Start of Block

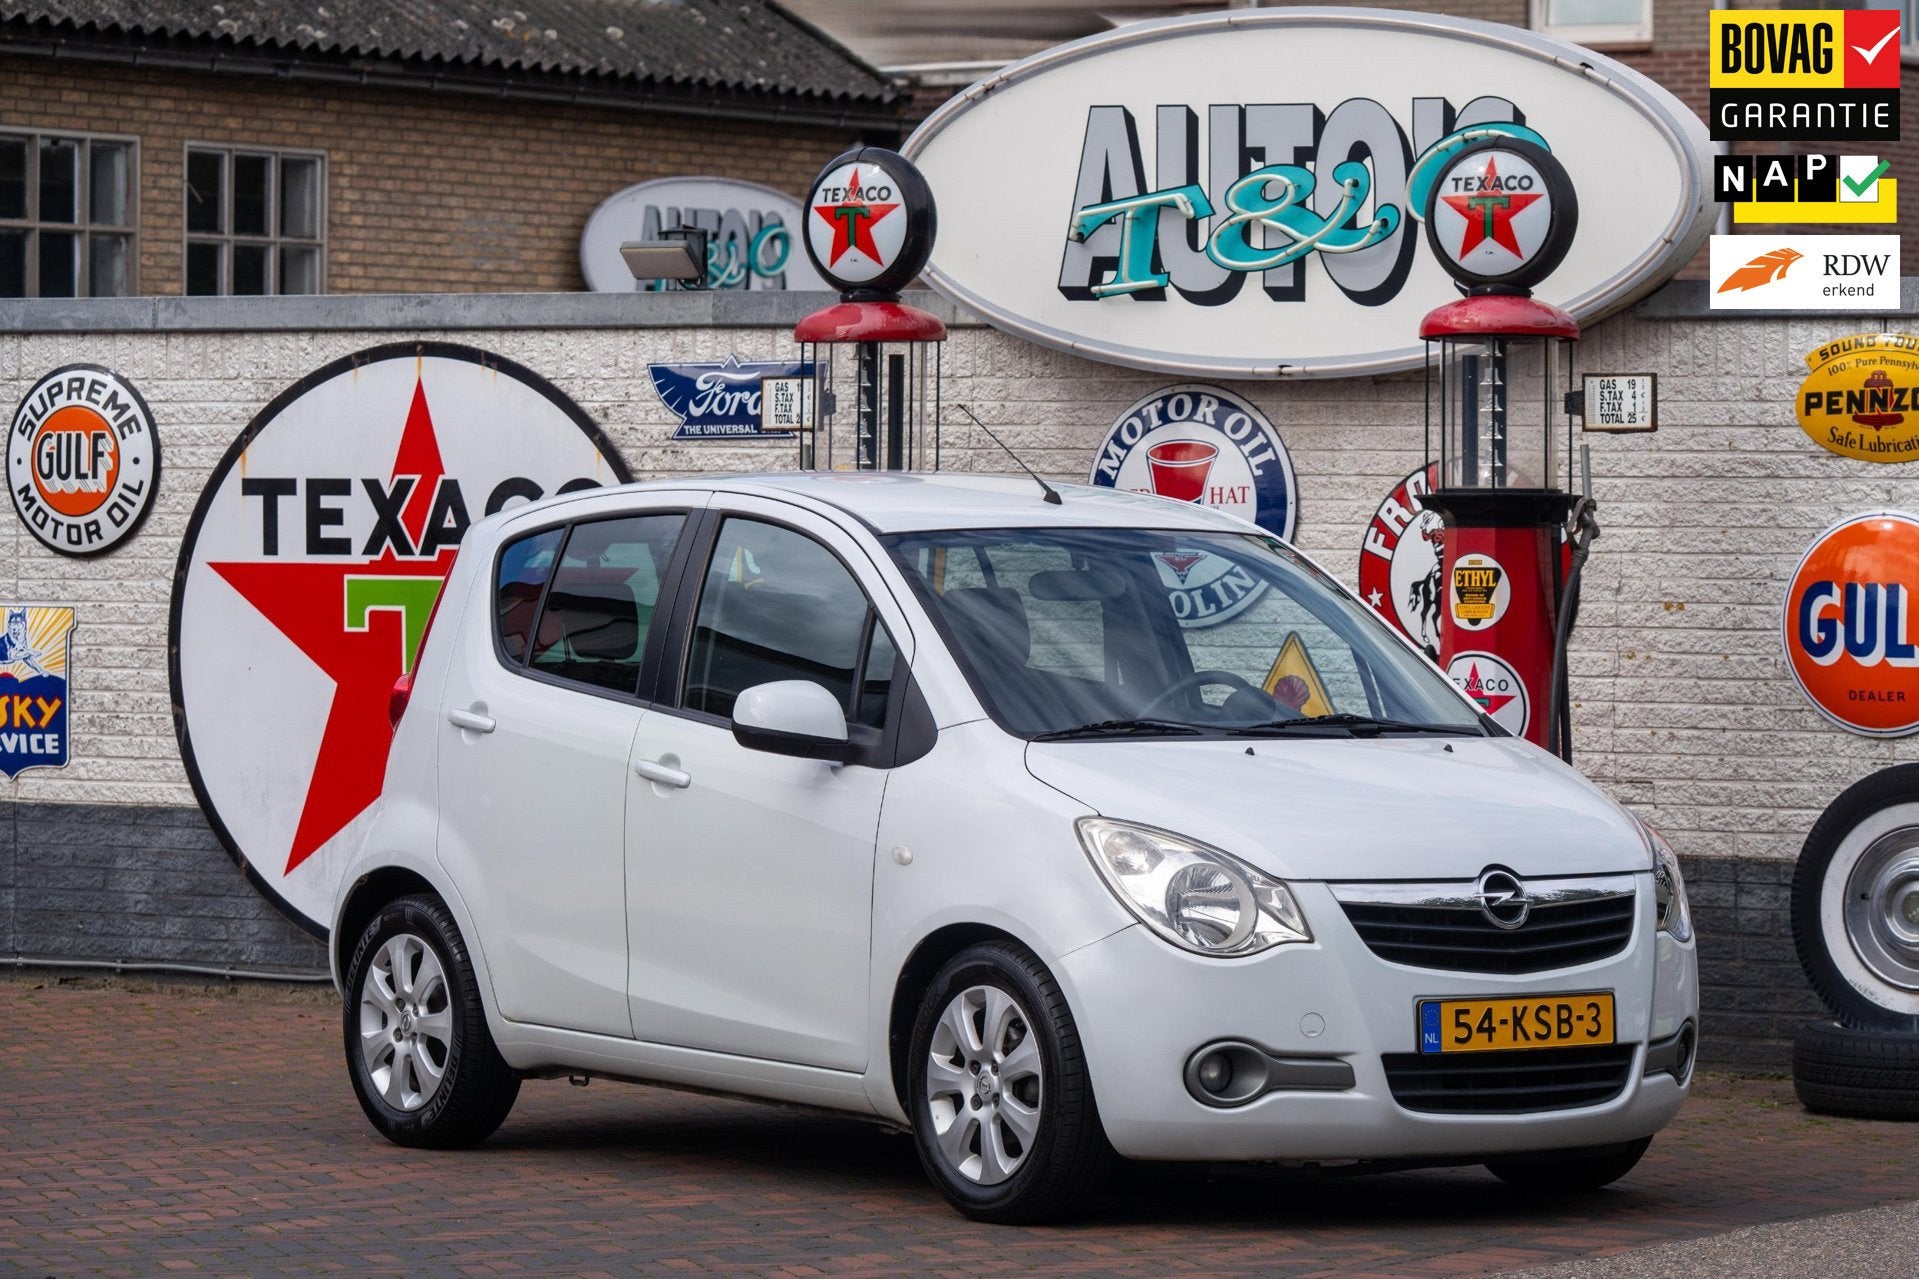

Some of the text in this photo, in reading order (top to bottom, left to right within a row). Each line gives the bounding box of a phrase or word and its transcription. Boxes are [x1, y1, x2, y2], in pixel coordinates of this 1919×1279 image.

[1452, 174, 1534, 192] TEXACO
[822, 185, 892, 203] TEXACO
[1057, 96, 1527, 306] AUTO'
[1819, 335, 1919, 361] SOUND YOU
[1855, 357, 1877, 368] Pure
[775, 382, 789, 392] GAS
[1599, 379, 1617, 390] GAS
[1627, 379, 1636, 389] 19
[775, 392, 794, 403] S.TAX
[1599, 391, 1624, 402] S.TAX
[1631, 391, 1637, 401] 4
[17, 377, 142, 442] SUPREME
[774, 403, 793, 414] F.TAX
[1599, 402, 1623, 413] F.TAX
[774, 414, 794, 424] TOTAL
[1599, 413, 1625, 424] TOTAL
[1627, 413, 1637, 424] 25
[684, 424, 702, 435] THE
[703, 424, 758, 435] UNIVERSAL
[1097, 393, 1276, 480] MOTOR OIL
[1827, 426, 1857, 449] Safe
[37, 432, 107, 480] GULF
[1210, 486, 1250, 505] HAT
[17, 480, 145, 546] MOTOR OIL
[242, 477, 604, 556] TEXA
[1455, 570, 1497, 587] ETHYL
[1848, 690, 1906, 702] DEALER
[1453, 1002, 1602, 1044] 54-KSB-3
[1425, 1033, 1440, 1044] NL

End of Block

§ **TO DO**
Word for word, reproduce the material above and omit each image.

§ **ANSWER FOR THIS EXERCISE**
Some of the text in this photo, in reading order (top to bottom, left to right within a row). Each line gives the bounding box of a phrase or word and its transcription. Boxes are [x1, y1, x2, y2], in pixel coordinates of this 1919×1279 image.

[1452, 174, 1534, 192] TEXACO
[822, 185, 892, 203] TEXACO
[1057, 96, 1527, 306] AUTO'
[1819, 335, 1919, 361] SOUND YOU
[1855, 357, 1877, 368] Pure
[775, 382, 789, 392] GAS
[1599, 379, 1617, 390] GAS
[1627, 379, 1636, 389] 19
[775, 392, 794, 403] S.TAX
[1599, 391, 1624, 402] S.TAX
[1631, 391, 1637, 401] 4
[17, 377, 142, 442] SUPREME
[774, 403, 793, 414] F.TAX
[1599, 402, 1623, 413] F.TAX
[774, 414, 794, 424] TOTAL
[1599, 413, 1625, 424] TOTAL
[1627, 413, 1637, 424] 25
[684, 424, 702, 435] THE
[703, 424, 758, 435] UNIVERSAL
[1097, 393, 1276, 480] MOTOR OIL
[1827, 426, 1857, 449] Safe
[37, 432, 107, 480] GULF
[1210, 486, 1250, 505] HAT
[17, 480, 145, 546] MOTOR OIL
[242, 477, 604, 556] TEXA
[1455, 570, 1497, 587] ETHYL
[1848, 690, 1906, 702] DEALER
[1453, 1002, 1602, 1044] 54-KSB-3
[1425, 1033, 1440, 1044] NL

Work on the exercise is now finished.